On Mon, Nov 03, 2014 at 03:04:04PM +0000, Yogesh Tillu wrote:
> Kernel patchset to enable vDSO path for reading PMU cycle counter.
> 
> Signed-off-by: Yogesh Tillu <yogesh.tillu@linaro.org>
> ---
>  arch/arm64/kernel/vdso/Makefile     |    6 +++---
>  arch/arm64/kernel/vdso/vdso.lds.S   |    5 +++++
>  arch/arm64/kernel/vdso/vdso_perfc.c |   20 ++++++++++++++++++++
>  3 files changed, 28 insertions(+), 3 deletions(-)
>  create mode 100644 arch/arm64/kernel/vdso/vdso_perfc.c
> 
> diff --git a/arch/arm64/kernel/vdso/Makefile b/arch/arm64/kernel/vdso/Makefile
> index 6d20b7d..4fde490 100644
> --- a/arch/arm64/kernel/vdso/Makefile
> +++ b/arch/arm64/kernel/vdso/Makefile
> @@ -5,7 +5,7 @@
>  # Heavily based on the vDSO Makefiles for other archs.
>  #
>  
> -obj-vdso := gettimeofday.o note.o sigreturn.o
> +obj-vdso := gettimeofday.o note.o sigreturn.o armpmu.o
>  
>  # Build rules
>  targets := $(obj-vdso) vdso.so vdso.so.dbg
> @@ -43,8 +43,8 @@ $(obj)/vdso-offsets.h: $(obj)/vdso.so.dbg FORCE
>  	$(call if_changed,vdsosym)
>  
>  # Assembly rules for the .S files
> -$(obj-vdso): %.o: %.S
> -	$(call if_changed_dep,vdsoas)
> +#$(obj-vdso): %.o: %.S
> +#	$(call if_changed_dep,vdsoas)

Either this is unnecessary, and it goes, or it is necessary, and it
stays. Do not half-remove code in this fashion.

>  # Actual build commands
>  quiet_cmd_vdsold = VDSOL $@
> diff --git a/arch/arm64/kernel/vdso/vdso.lds.S b/arch/arm64/kernel/vdso/vdso.lds.S
> index 8154b8d..8cb56e0 100644
> --- a/arch/arm64/kernel/vdso/vdso.lds.S
> +++ b/arch/arm64/kernel/vdso/vdso.lds.S
> @@ -90,6 +90,11 @@ VERSION
>  		__kernel_gettimeofday;
>  		__kernel_clock_gettime;
>  		__kernel_clock_getres;
> +		 /* ADD YOUR VDSO STUFF HERE */

This comment adds no value.

> +		perf_read_counter;
> +		__vdso_perf_read_counter;
> +		perf_open_counter;
> +		__vdso_perf_open_counter;

I believe we need a new version label for these symbols.

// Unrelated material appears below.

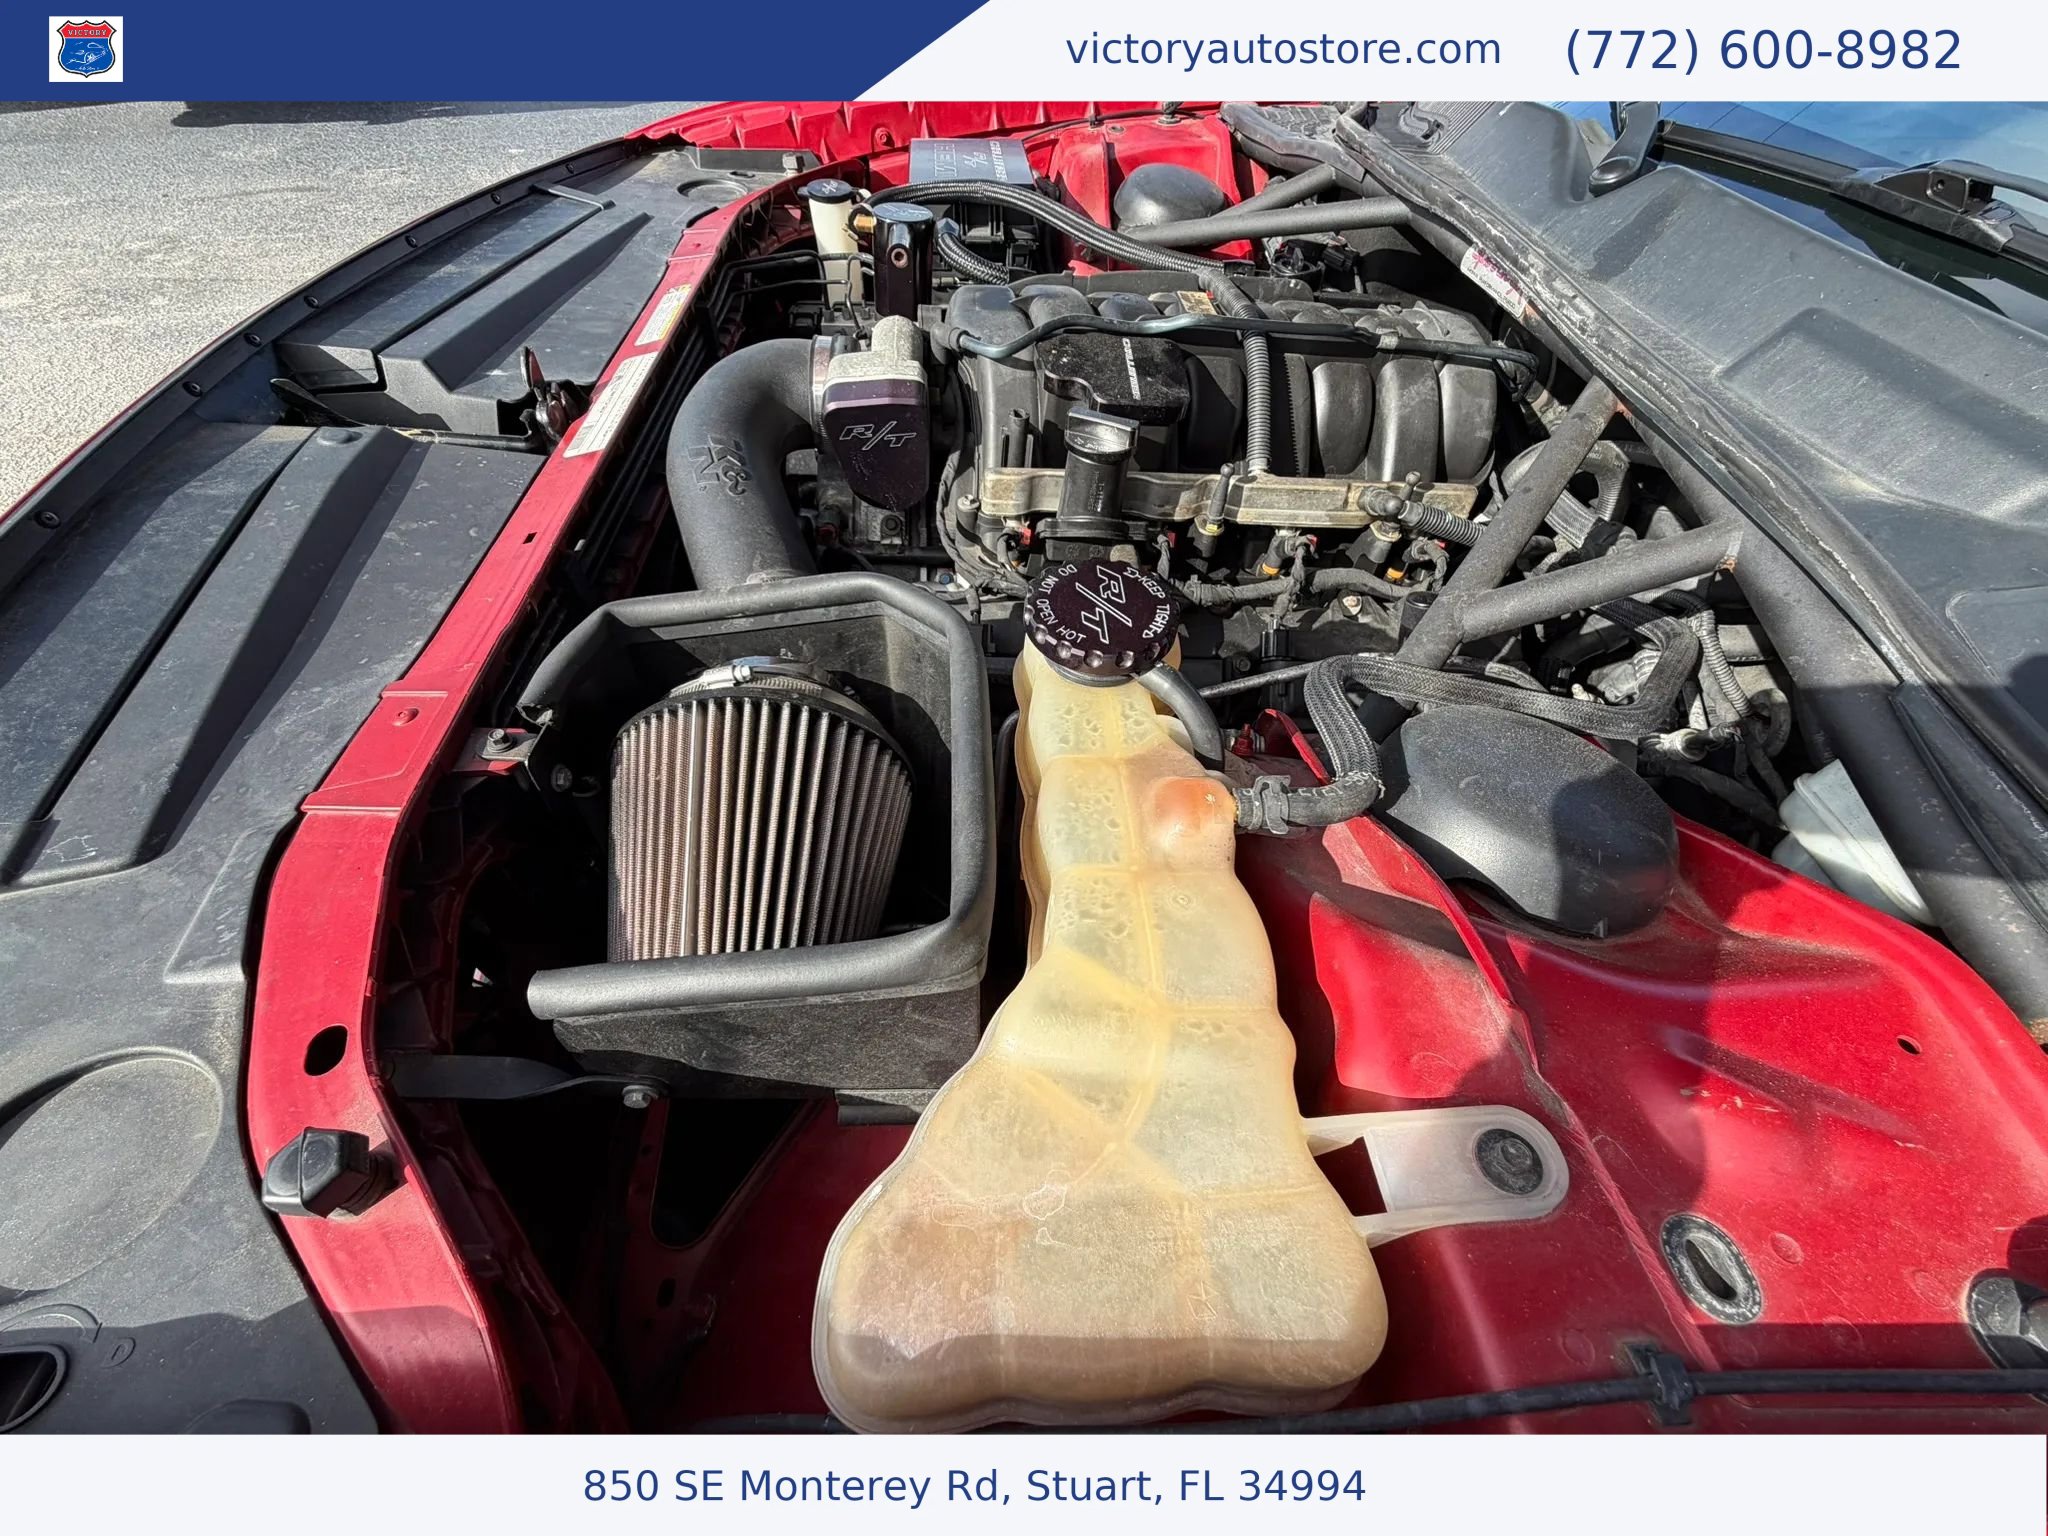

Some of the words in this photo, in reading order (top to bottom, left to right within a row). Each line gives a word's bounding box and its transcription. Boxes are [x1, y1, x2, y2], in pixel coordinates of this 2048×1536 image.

Why are we exposing internal names outside of the VDSO? That would seem
to defeat the point of this linker script.

>  	local: *;
>  	};
>  }
> diff --git a/arch/arm64/kernel/vdso/vdso_perfc.c b/arch/arm64/kernel/vdso/vdso_perfc.c
> new file mode 100644
> index 0000000..c363d64
> --- /dev/null
> +++ b/arch/arm64/kernel/vdso/vdso_perfc.c
> @@ -0,0 +1,20 @@
> +#include <linux/compiler.h>
> +
> +int perf_read_counter(void)
> +    __attribute__((weak, alias("__vdso__perf_read_counter")));
> +int perf_open_counter(void)
> +    __attribute__((weak, alias("__vdso__perf_open_counter")));

Why is this not in plain assembly like the rest of the VDSO functions?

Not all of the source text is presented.